> What the task requires:
Set down each record below exactly as it stands. Pictures are not part of the copy.
========================================
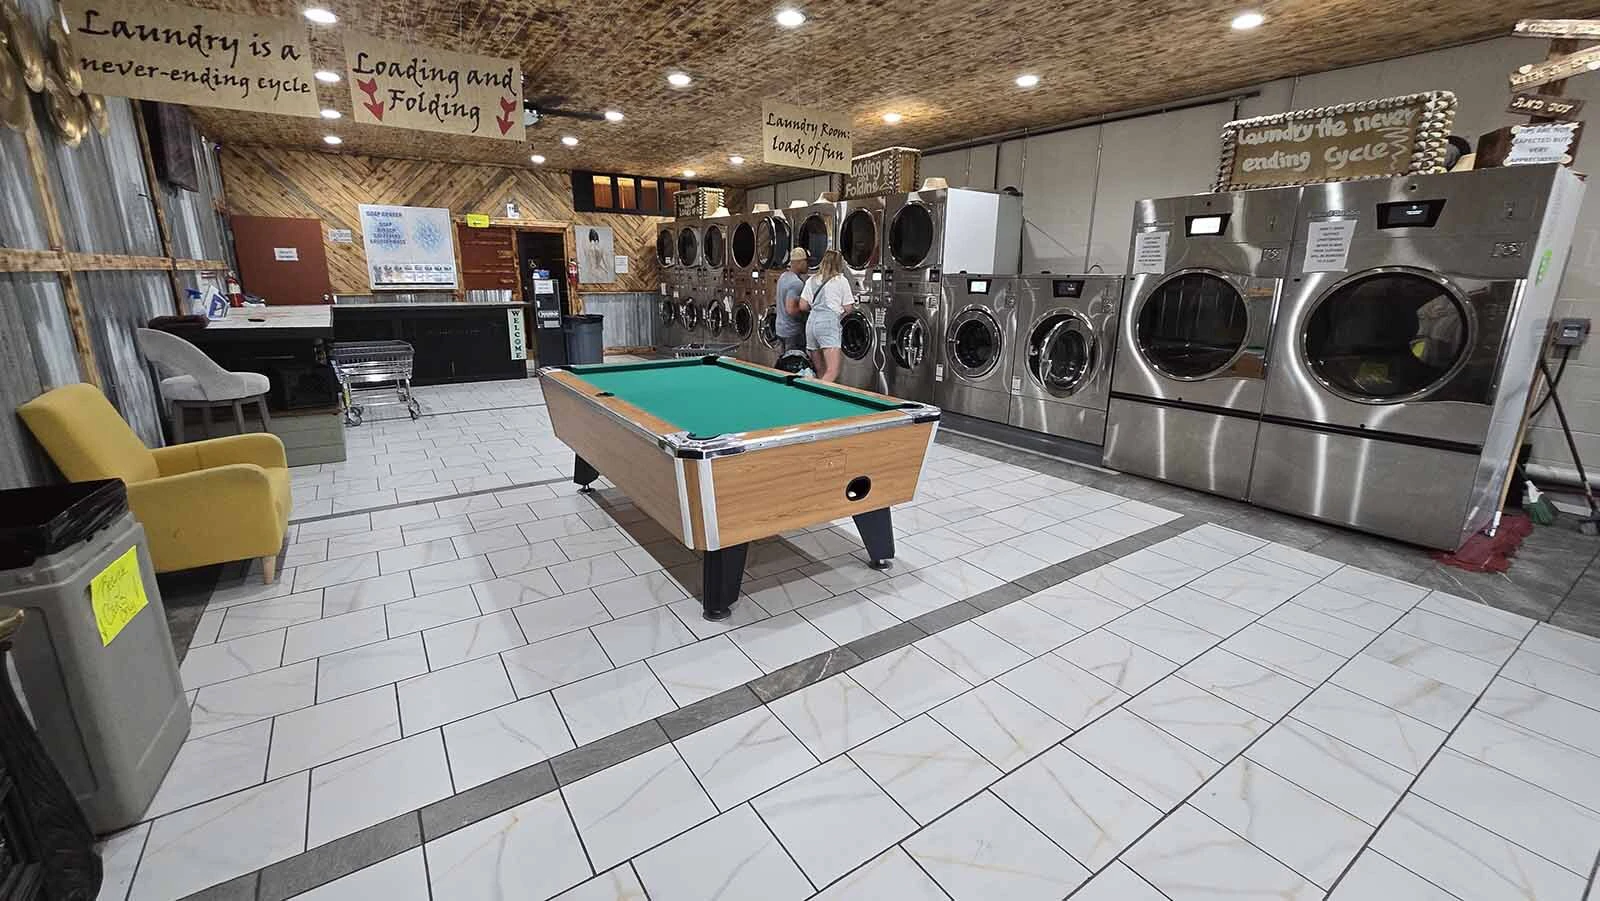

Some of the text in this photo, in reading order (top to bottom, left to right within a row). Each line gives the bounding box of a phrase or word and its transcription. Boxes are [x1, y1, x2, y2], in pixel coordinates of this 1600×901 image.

[77, 9, 301, 67] Laundry is a
[80, 56, 310, 100] never-ending cycle
[352, 52, 517, 98] Loading and
[388, 88, 481, 133] Folding
[1352, 107, 1417, 130] never
[1512, 97, 1574, 114] AND JOY
[766, 113, 850, 141] Laundry Room:
[772, 135, 845, 167] loads of fun
[1242, 150, 1311, 172] ending
[511, 310, 522, 359] WELCOME
========================================
> Answer box:
Some of the text in this photo, in reading order (top to bottom, left to right within a row). Each line gives the bounding box of a phrase or word and its transcription. Boxes are [x1, y1, x2, y2], in pixel coordinates of this 1600×901 image.

[77, 9, 301, 67] Laundry is a
[80, 56, 310, 100] never-ending cycle
[352, 52, 517, 98] Loading and
[388, 88, 481, 133] Folding
[1352, 107, 1417, 130] never
[1512, 97, 1574, 114] AND JOY
[766, 113, 850, 141] Laundry Room:
[772, 135, 845, 167] loads of fun
[1242, 150, 1311, 172] ending
[511, 310, 522, 359] WELCOME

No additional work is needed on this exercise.